The original cause was thoroughly investigated as I was in hospital for over 3 weeks. Graves Disease was a topic but I never heard anything back (I was told if you don't hear it means nothing is wrong lol!)
Well - I think it would make sense for you to find out exactly what you are dealing with as your Block & Replace treatment plan is generally used is cases of Graves which is a chronic long term Auto Immune disease for which there is no cure.

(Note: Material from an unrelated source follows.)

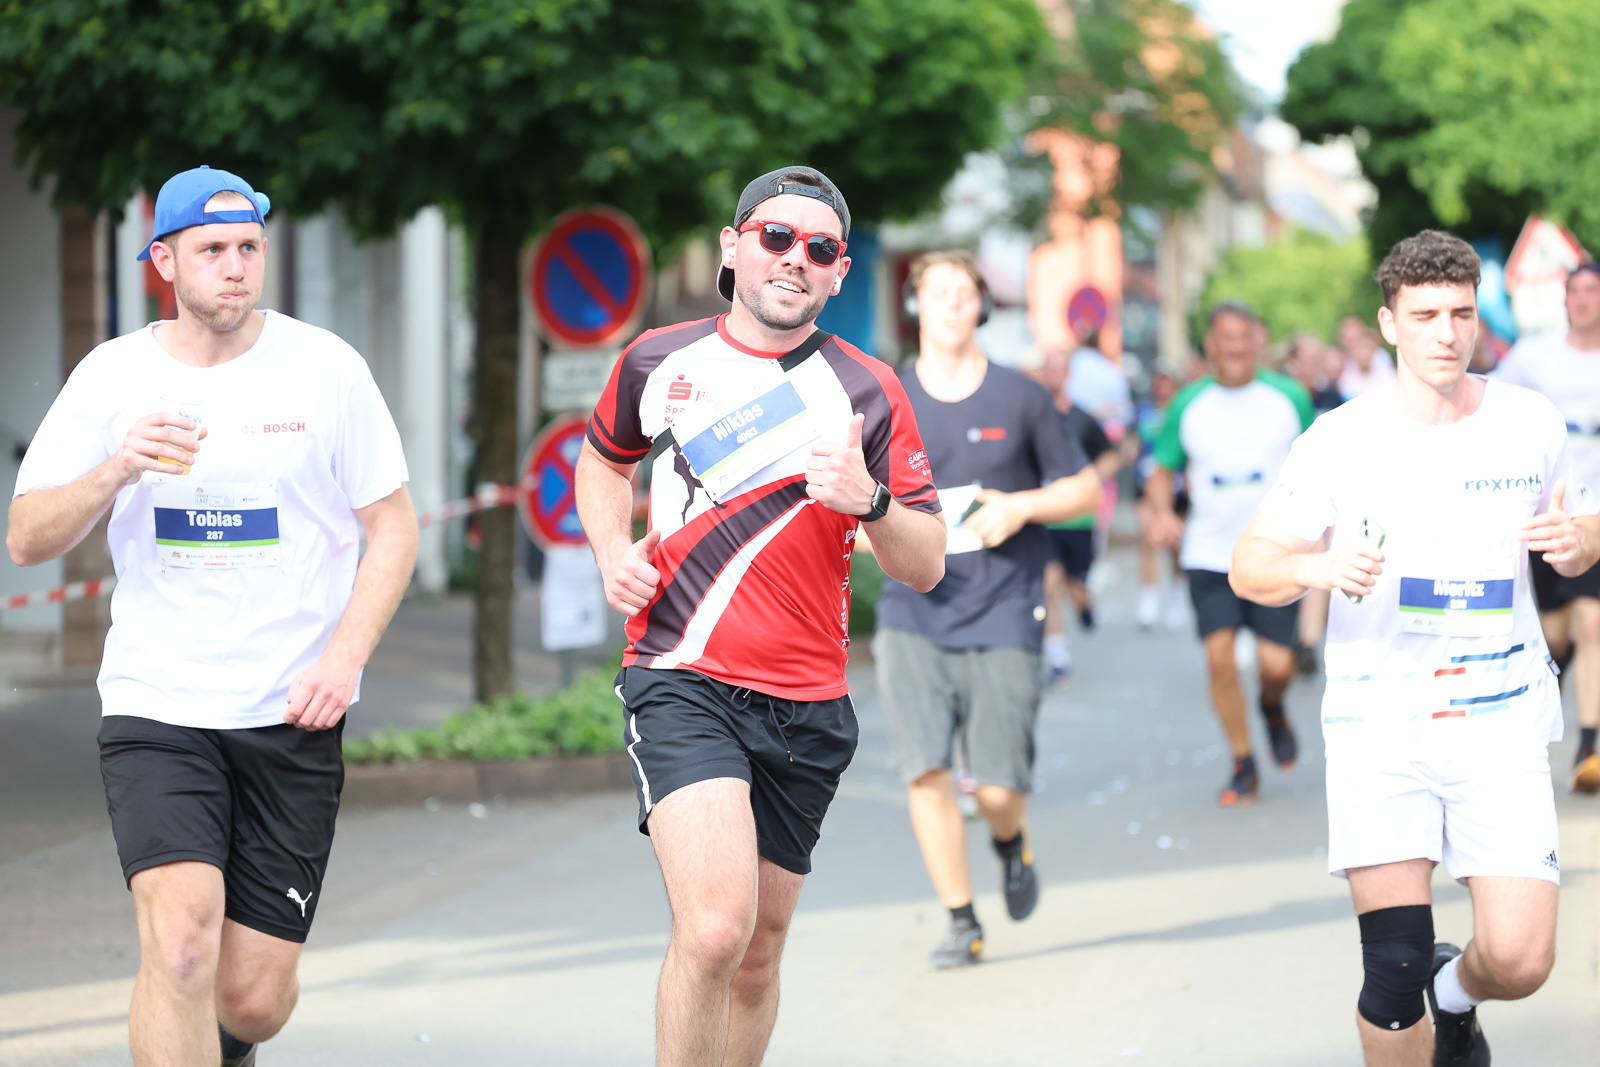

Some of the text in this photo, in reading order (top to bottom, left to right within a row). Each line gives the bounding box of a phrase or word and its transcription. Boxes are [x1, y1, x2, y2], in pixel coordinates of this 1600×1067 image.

If Graves we are looking for positive and over range TSI - Thyroid Stimulating and or TRab - Thyroid Blocking antibody - sometimes written as a TSH Receptor antibody reading and cut off number and generally this blood test run at the very outset of illness and ideally before any medications have been prescribed, except perhaps for a beta blocker if the heart is involved.
Graves can be life threatening as this immune system malfunction tends to only get diagnosed when the immune system turns and starts attacking the thyroid and or eyes - and for some people the results are totally devastating -
Anti Thyroid drugs such as Carbimazole/ Propylthiouracil are prescribed to block the thyroid making more and more thyroid hormones and if this doesn't resolve the over production of thyroid hormones the last option is to remove the target of the immune system attack - the thyroid.
I have Graves and was treated with RAI thyroid ablation way back in 2005 - details on my Profile -page if interested - just press the icon alongside my name and that takes you to all I've ever written on this patient to patient open forum -
and your Profile page is stored under the Profile icon on this page - and facing me on my laptop it is top right alongside My Hub - Chat - Post and Alerts :
TSH responds to both free T4 and free T3 hormone and so is a good marker for thyroid hormone status in most but not all people.I'm surprised your doctor wants to change your dose as fT4 suggests your dose is fine and TSH suggests you are on a little too much. Really they should have also measured fT3 but the labs usually refuse to do this for GPs.
How do you feel? This is more important than your middling blood test results.
I'm 63 kg and it took a fair while to stabilise me on my 100/125 Levothyroxine on alternate days after my RAI in 2013. It was a case of try 1 dose for 6 weeks, re-test, repeat etc. Good luck.